France | France, Conseil d'État, 1ère chambre, 09 avril 2020, 428366


Vu la procédure suivante :

Par une requête, enregistrée le 22 février 2019 au secrétariat du contentieux du Conseil d'Etat, la Confédération intersyndicale de défense et d'union nationale d'action des travailleurs indépendants (CIDUNATI) demande au Conseil d'Etat :

1°) d'annuler pour excès de pouvoir le décret n° 2018-1215 du 24 décembre 2018 relatif à la liste des organisations procédant aux premières désignations au sein du Conseil de la protection sociale des travailleurs indépendants et l'arrêté du 27 décembre 2018 portant nomination des membres de l'ass

emblée générale du Conseil de la protection sociale des travailleurs indépendants...
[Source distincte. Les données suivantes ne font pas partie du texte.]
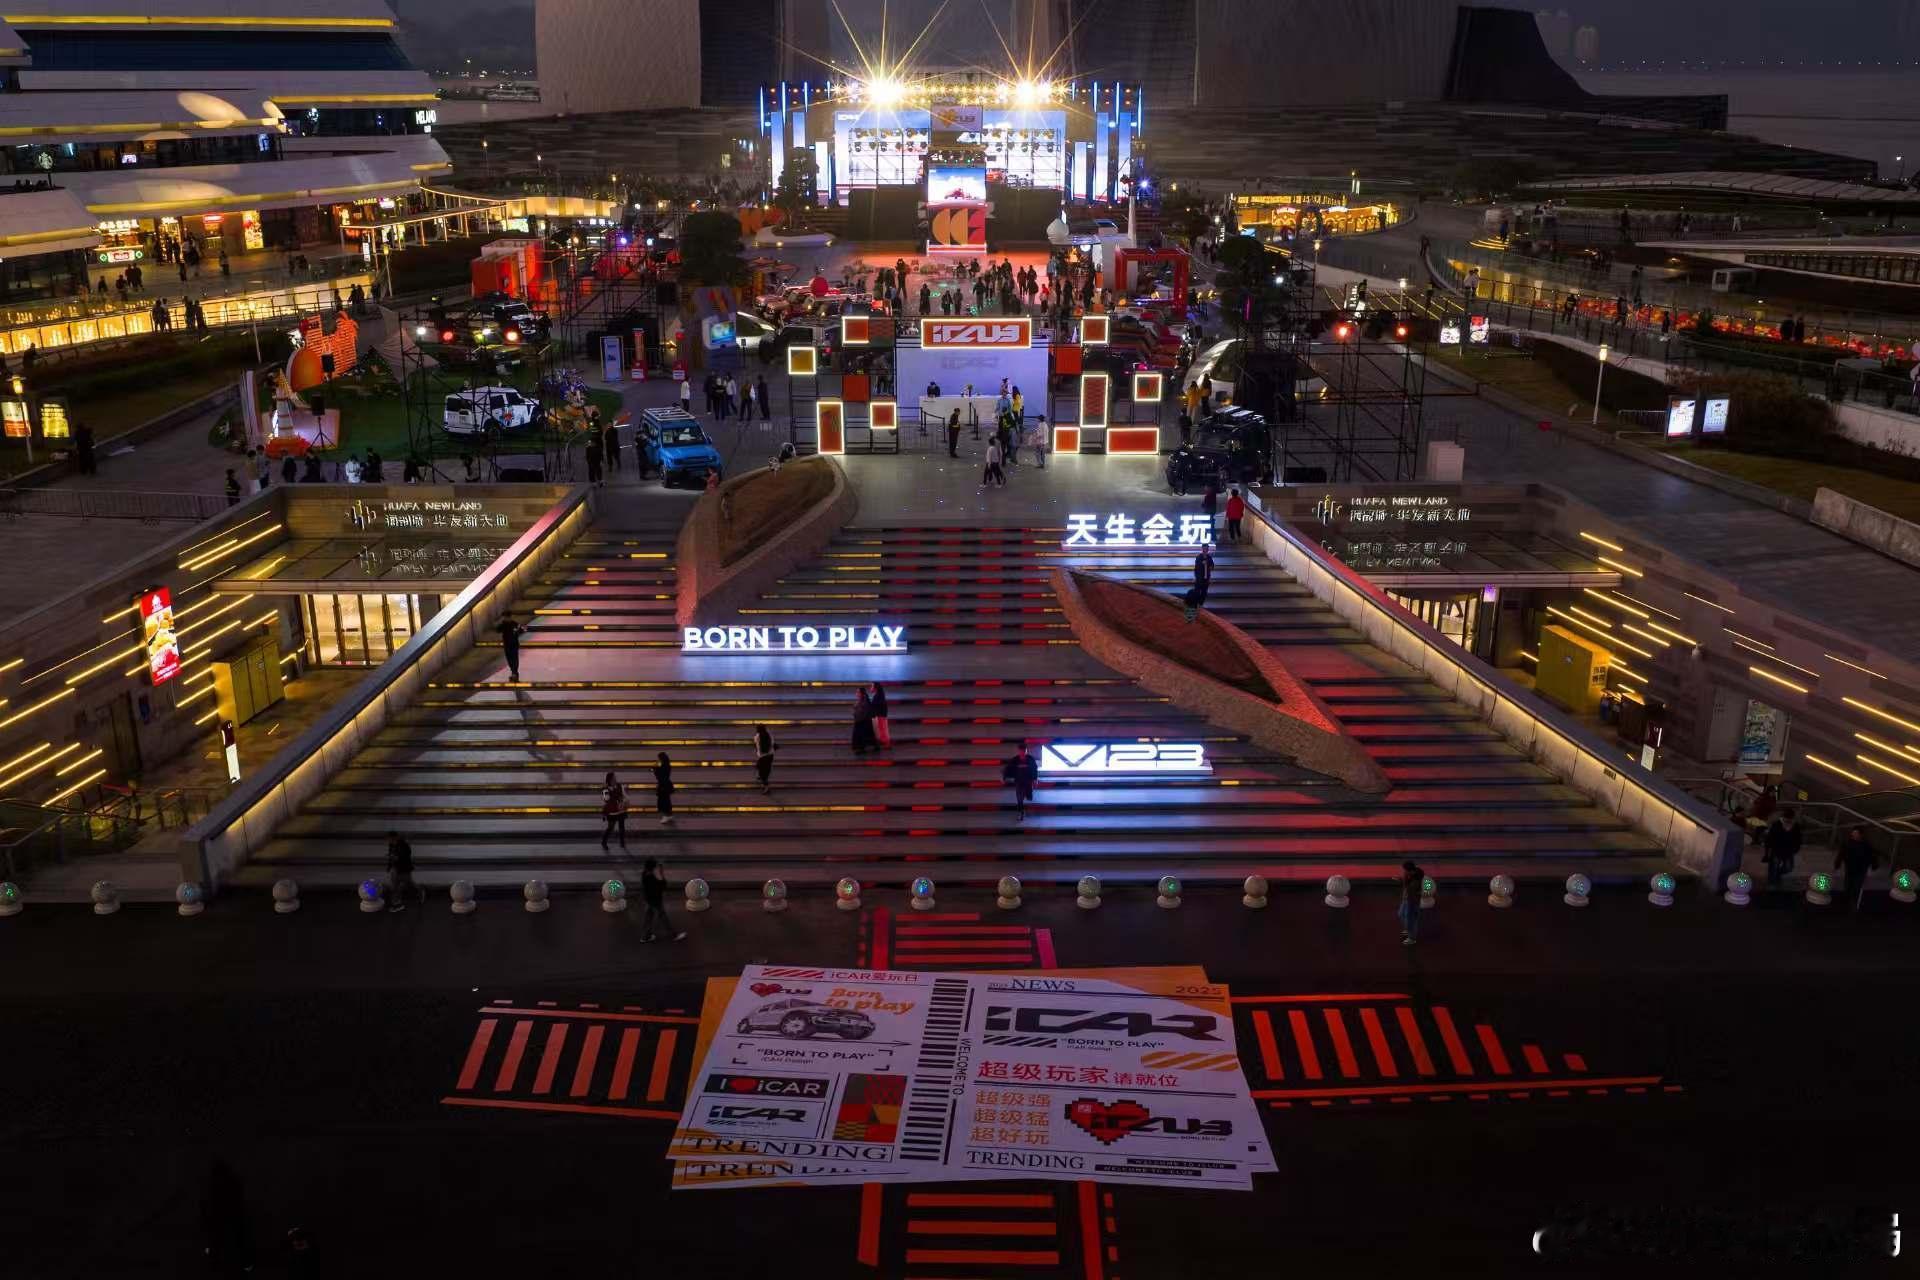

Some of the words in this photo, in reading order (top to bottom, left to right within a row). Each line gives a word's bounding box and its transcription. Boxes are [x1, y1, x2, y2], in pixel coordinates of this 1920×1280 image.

Vu la procédure suivante :

Par une requête, enregistrée le 22 février 2019 au secrétariat du contentieux du Conseil d'Etat, la Confédération intersyndicale de défense et d'union nationale d'action des travailleurs indépendants (CIDUNATI) demande au Conseil d'Etat :

1°) d'annuler pour excès de pouvoir le décret n° 2018-1215 du 24 décembre 2018 relatif à la liste des organisations procédant aux premières désignations au sein du Conseil de la protection sociale des travailleurs indépendants et l'arrêté du 27 décembre 2018 portant nomination des membres de l'assemblée générale du Conseil de la protection sociale des travailleurs indépendants ;

2°) de mettre à la charge de l'Etat la somme de 5 000 euros au titre de l'article L. 761-1 du code de justice administrative.

Vu les autres pièces du dossier ;

Vu :

- le code de la sécurité sociale ;

- le code du travail ;

- la loi n° 2017-1836 du 30 décembre 2017 ;

- le code de justice administrative et l'ordonnance n° 2020-305 du 25 mars 2020 ;

Après avoir entendu en séance publique :

- le rapport de Mme Cécile Chaduteau-Monplaisir, maître des requêtes,

- les conclusions de M. Vincent Villette, rapporteur public ;

Considérant ce qui suit :

Sur le cadre du litige :

1. Le Conseil de la protection sociale des travailleurs indépendants est un organisme de droit privé doté de la personnalité morale, créé par la loi du 30 décembre 2017 de financement de la sécurité sociale pour 2018. En vertu de l'article L. 612-1 du code de la sécurité sociale, il a notamment pour rôle " de piloter le régime complémentaire d'assurance vieillesse obligatoire et le régime invalidité-décès des travailleurs indépendants et la gestion du patrimoine y afférent ", lesquels, à la différence de l'assurance maladie et maternité et de l'assurance vieillesse de ces assurés sociaux, ne sont pas transférés par cette loi du régime social des indépendant, qu'elle supprime, aux organismes du régime général de sécurité sociale. L'article L. 612-2 du code de la sécurité sociale prévoit que le Conseil de la protection sociale des travailleurs indépendants est doté d'une assemblée générale délibérante et d'un directeur nommé par arrêté des ministres chargés de la sécurité sociale et du budget et dispose d'instances régionales, dont il anime, coordonne et contrôle l'action.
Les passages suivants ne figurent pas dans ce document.